### Task statement
Search the records below for "Some of the words". Return that line and all remaining lines exactly.

### Dataset records

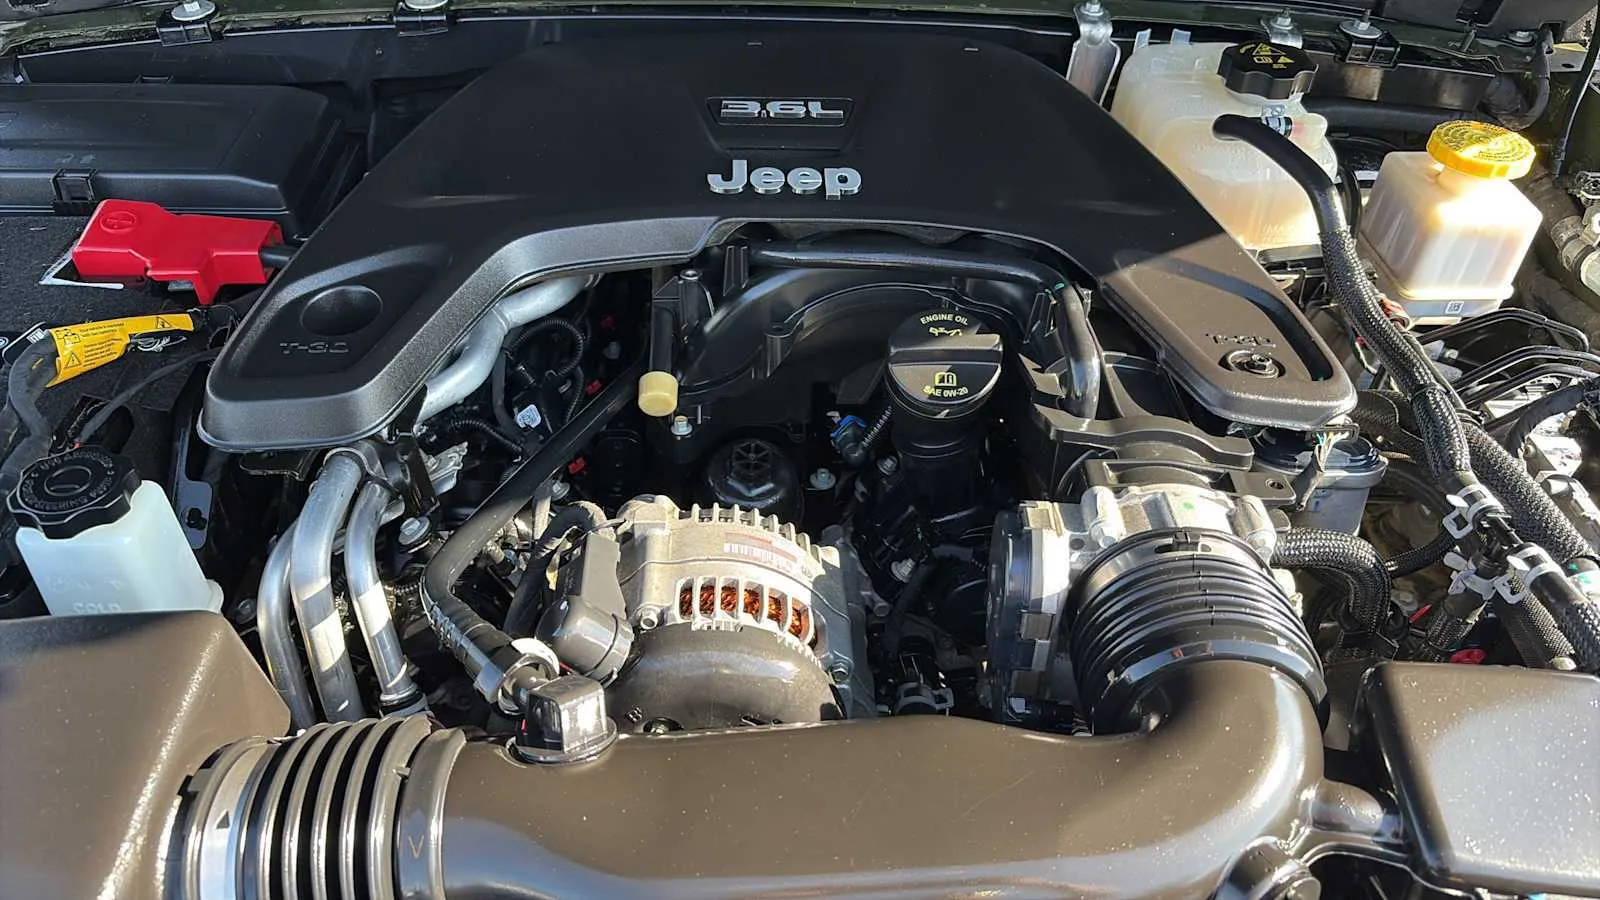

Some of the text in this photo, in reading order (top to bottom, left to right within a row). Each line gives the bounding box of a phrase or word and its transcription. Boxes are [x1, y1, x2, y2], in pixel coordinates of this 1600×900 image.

[720, 100, 844, 118] 3.6L
[707, 159, 862, 200] Jeep
[920, 314, 969, 325] ENGINE OIL
[923, 385, 969, 398] SAE 0W-20
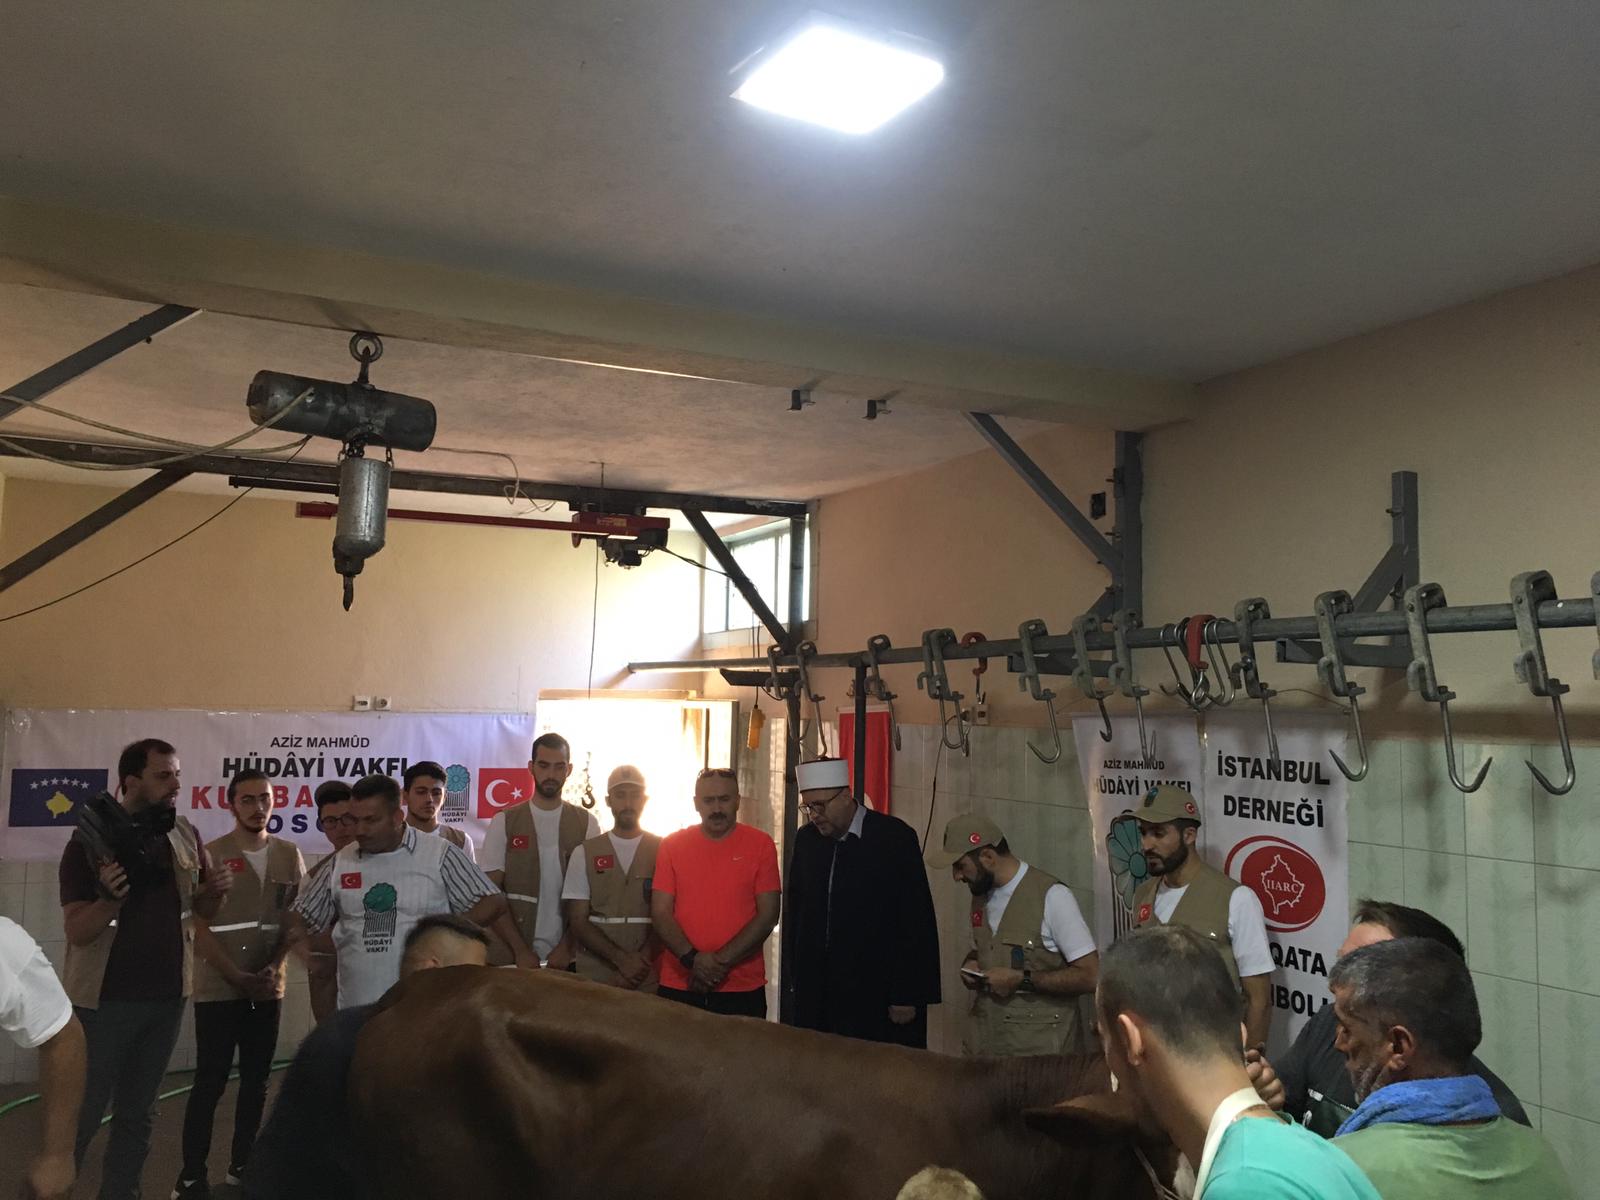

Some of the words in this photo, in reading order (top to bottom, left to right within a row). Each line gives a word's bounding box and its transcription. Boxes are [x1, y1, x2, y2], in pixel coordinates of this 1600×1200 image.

[270, 735, 302, 748] AZİZ
[306, 736, 370, 748] MAHMÛD
[222, 752, 325, 778] HÜDÂYİ
[334, 757, 408, 778] VAKFI
[1103, 758, 1122, 769] AZİZ
[1217, 750, 1330, 785] İSTANBUL
[1223, 794, 1324, 828] DERNEĞİ
[1269, 942, 1328, 977] QATA

### Completed exercise
Some of the words in this photo, in reading order (top to bottom, left to right within a row). Each line gives a word's bounding box and its transcription. Boxes are [x1, y1, x2, y2], in pixel coordinates of this 1600×1200 image.

[270, 735, 302, 748] AZİZ
[306, 736, 370, 748] MAHMÛD
[222, 752, 325, 778] HÜDÂYİ
[334, 757, 408, 778] VAKFI
[1103, 758, 1122, 769] AZİZ
[1217, 750, 1330, 785] İSTANBUL
[1223, 794, 1324, 828] DERNEĞİ
[1269, 942, 1328, 977] QATA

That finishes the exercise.